In a finding that could help better understand the future global climate scenario, scientists have found evidence that waters from the Persian Gulf as well as the Red Sea make its way into the Bay of Bengal. While the evidence of the presence of the Persian Gulf water was found at a depth range of 200 to 400 metres in the Bay, the Red Sea water was found at depths between 500 and 1000 metres. 

Researchers have also found that the waters of the marginal seas bordering the Arabian Sea are transported into the Bay by the summer monsoon current which is seen to be a deep current extending to a depth of around 1 km.

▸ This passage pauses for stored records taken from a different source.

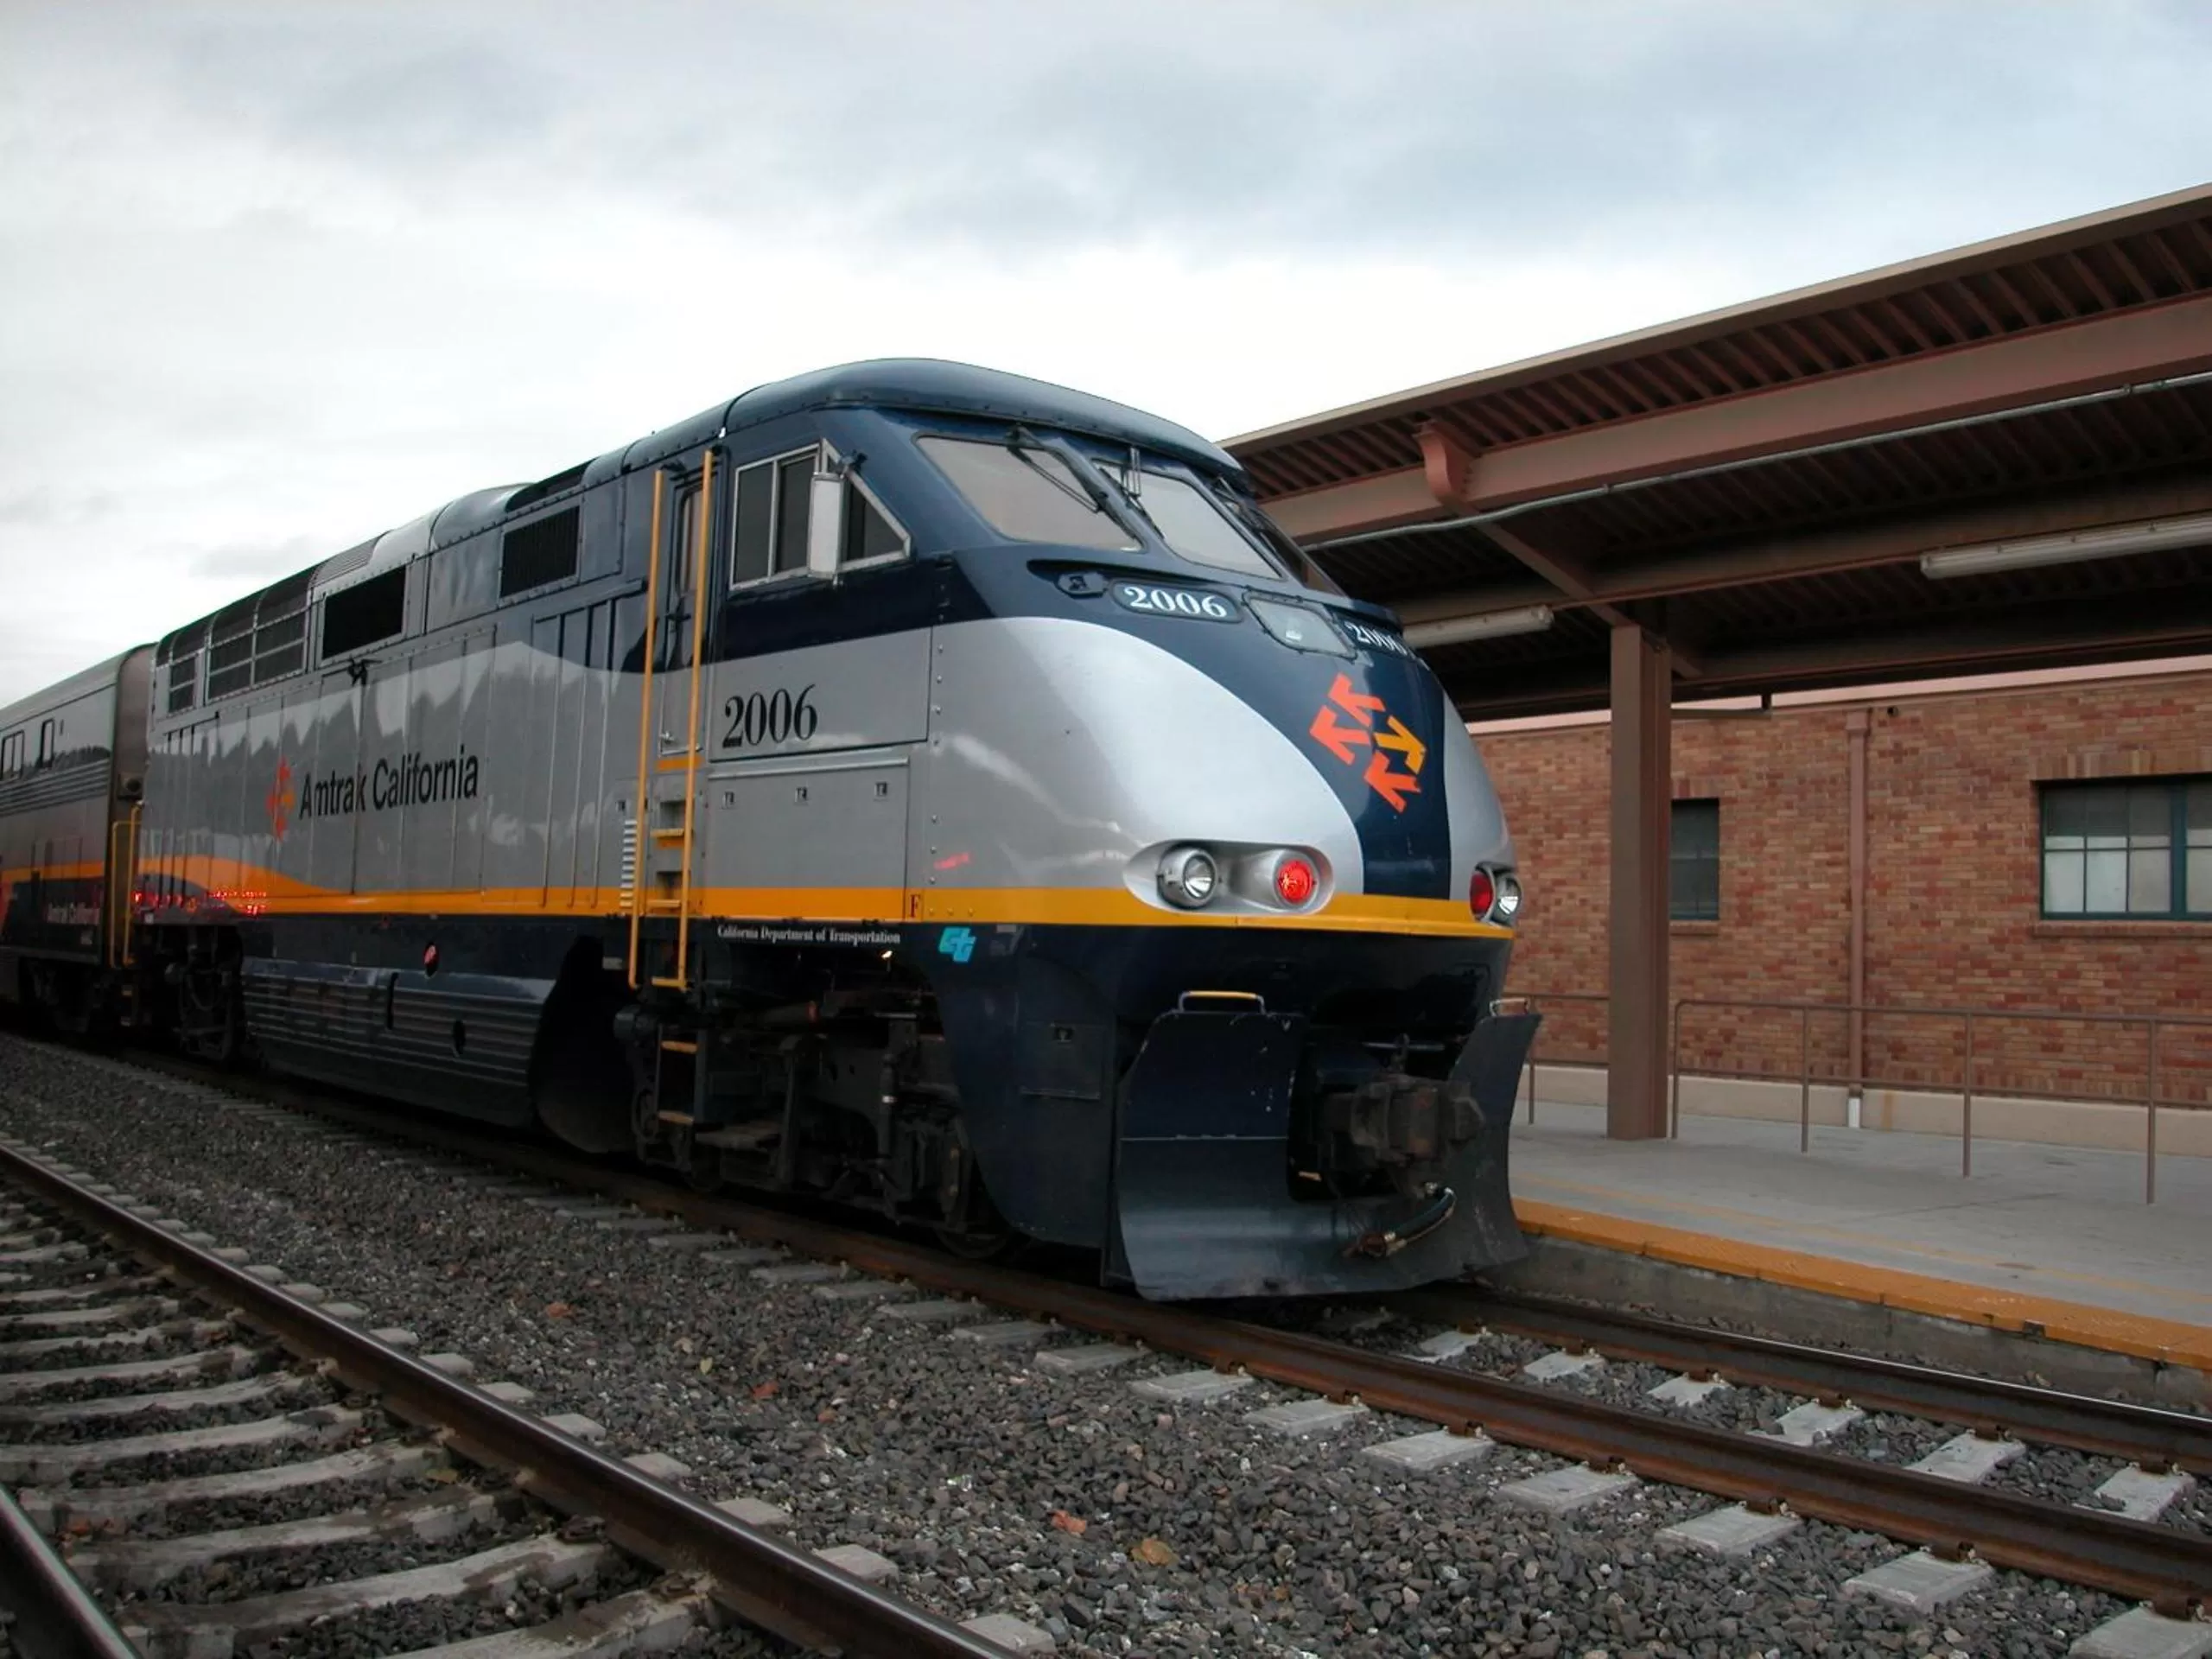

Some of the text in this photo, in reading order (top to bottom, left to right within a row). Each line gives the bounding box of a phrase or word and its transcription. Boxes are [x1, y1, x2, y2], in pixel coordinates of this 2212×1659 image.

[1123, 586, 1227, 618] 2006
[722, 683, 818, 749] 2006
[299, 743, 479, 820] Amtrak California
[908, 893, 921, 918] F
[717, 925, 900, 946] California Department of Transportation

The waters were traced all over the Bay including the Andaman Sea. 

The findings are significant as deep circulations of the oceans are key elements of the global climate system and are invoked in the context of both past climate and climate change studies. An ocean’s circulation, which is the circulation of its water mass, affects the movement of other properties such as heat, salt and oxygen. It is difficult, however, to obtain a direct measure of the circulation as the currents in deep oceans are usually weak. Consequently, studies generally focus on water masses that constitute the oceans. 

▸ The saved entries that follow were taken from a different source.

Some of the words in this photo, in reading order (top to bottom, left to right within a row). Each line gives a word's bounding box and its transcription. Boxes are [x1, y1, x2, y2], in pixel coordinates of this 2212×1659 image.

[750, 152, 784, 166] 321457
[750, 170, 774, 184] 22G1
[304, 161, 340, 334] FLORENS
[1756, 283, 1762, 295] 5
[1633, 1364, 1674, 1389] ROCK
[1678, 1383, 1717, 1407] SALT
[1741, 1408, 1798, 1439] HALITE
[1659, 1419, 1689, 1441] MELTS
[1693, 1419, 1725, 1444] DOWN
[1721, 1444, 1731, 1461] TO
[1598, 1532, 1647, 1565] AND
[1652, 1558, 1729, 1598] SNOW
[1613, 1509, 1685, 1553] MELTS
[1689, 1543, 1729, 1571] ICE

A veteran marine scientist from Australia, R.J. Rochford had claimed in the 1960s that both the Persian Gulf and the Red Sea waters were present in the Bay of Bengal after analysing the data from the first International Indian Ocean Expedition (IIOE). Two Indian scientists, V.V.R. Varadachari and J.S. Sastry, backed his claim later. This, however, could not be confirmed so far. All studies down the years, whether model-based or observational, had indicated that these waters were confined to the Arabian Sea only on the western flank of India. 

In a report published in a recent issue of the international journal, Climate Dynamics, the scientists involved in the present study noted that they were able to find evidence of these waters mainly due to the development of precise and accurate instrumentations capable of sampling continuously in the dynamic ocean. The research paper comes at a time when the oceanographic community is observing the 50th anniversary of IIOE. 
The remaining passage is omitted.